* Required work *
Once the pictures are removed, output the remaining entries exactly as given.

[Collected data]
* * * * *
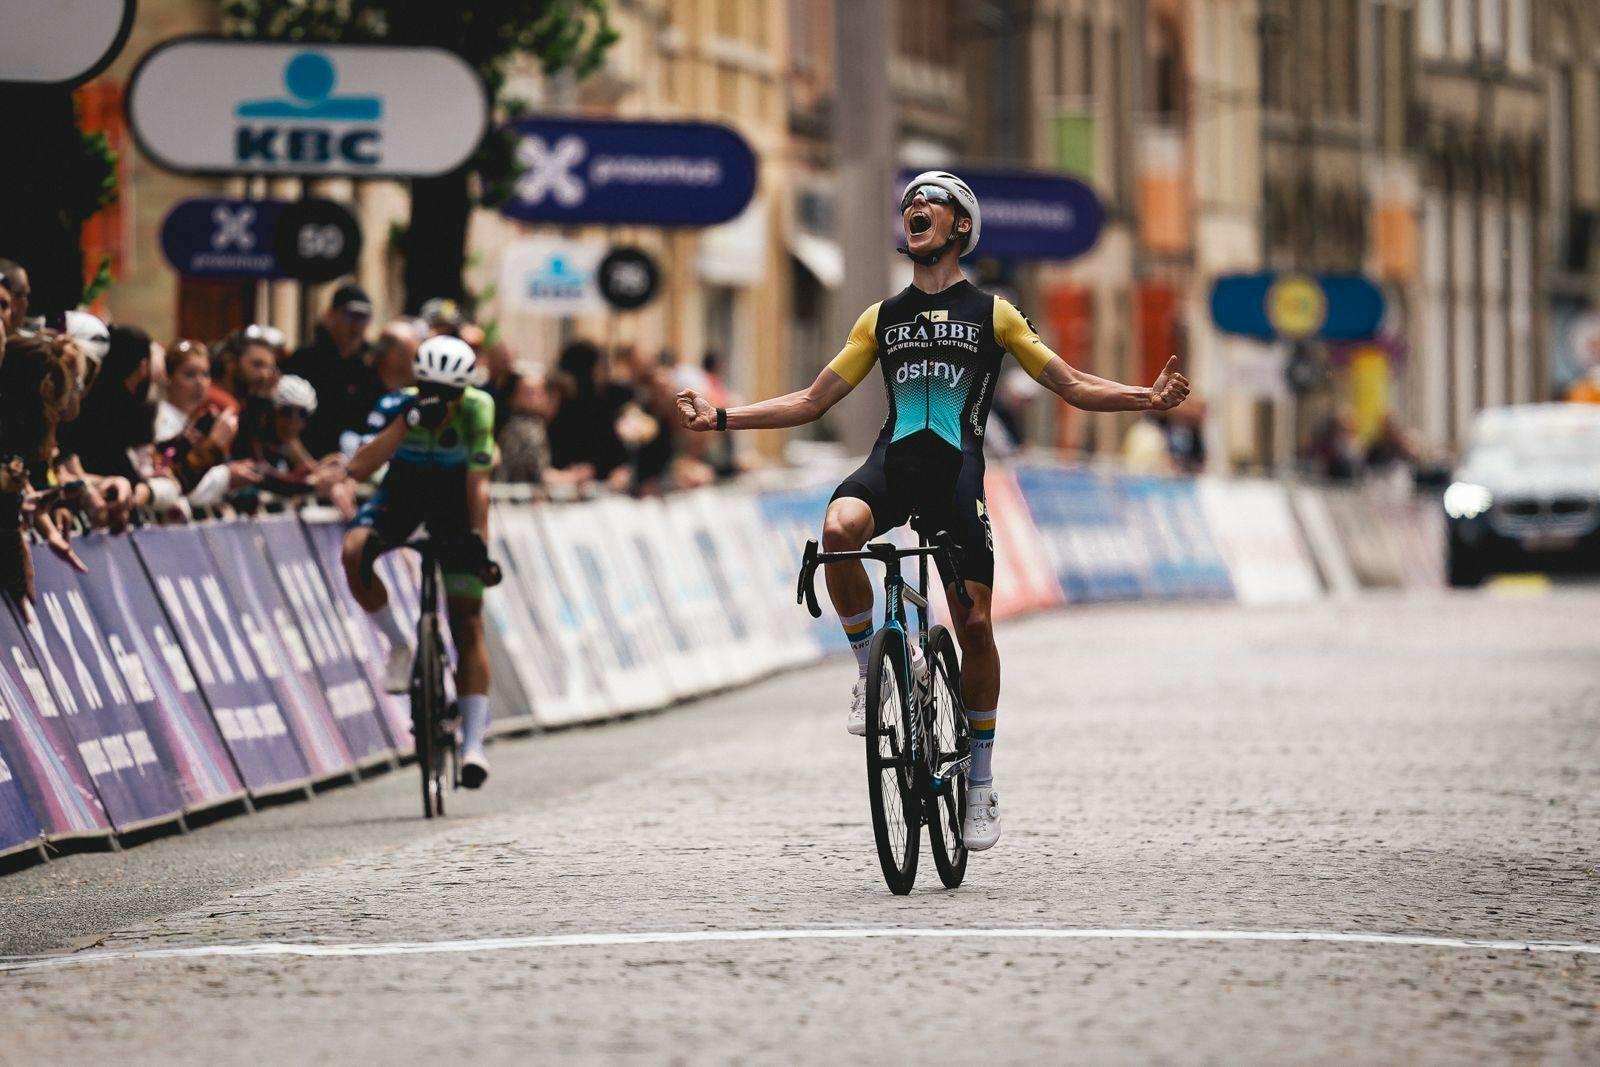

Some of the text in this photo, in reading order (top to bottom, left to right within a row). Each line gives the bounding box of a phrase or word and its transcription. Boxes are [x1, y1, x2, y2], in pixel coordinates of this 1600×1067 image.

[236, 127, 382, 164] KBC
[885, 323, 980, 345] CRABBE
[937, 340, 978, 353] TOITURES
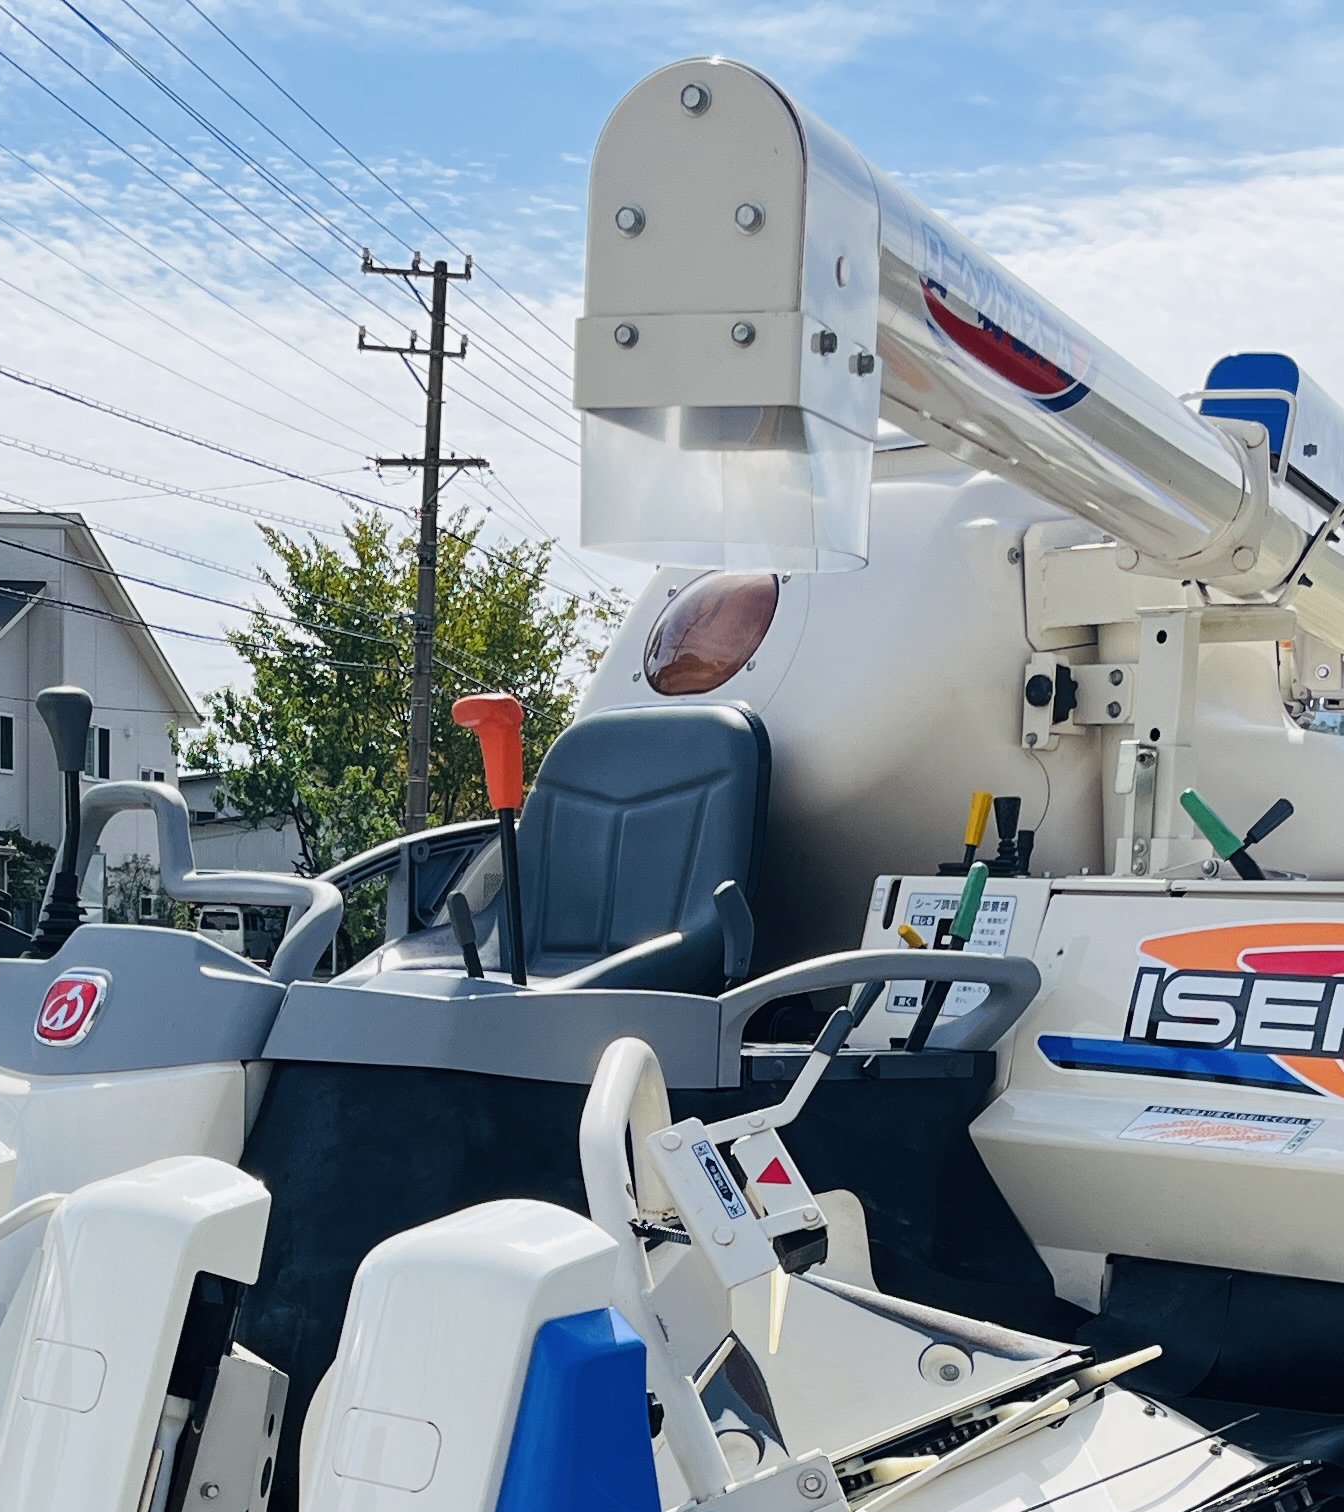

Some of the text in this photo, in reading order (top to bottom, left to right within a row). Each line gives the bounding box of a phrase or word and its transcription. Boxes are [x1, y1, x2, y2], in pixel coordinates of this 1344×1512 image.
* * * * *
* Your solution *
Some of the text in this photo, in reading order (top to bottom, left to right within a row). Each line gives the bounding box of a phrase or word and its transcription. Boxes are [x1, y1, x2, y2], in pixel coordinates of this 1600×1067 image.

[236, 127, 382, 164] KBC
[885, 323, 980, 345] CRABBE
[937, 340, 978, 353] TOITURES

Some of the text in this photo, in reading order (top to bottom, left to right within a row). Each line gives the bounding box of a phrase or word and its transcription. Boxes are [x1, y1, x2, y2], in pixel coordinates of this 1344×1512 image.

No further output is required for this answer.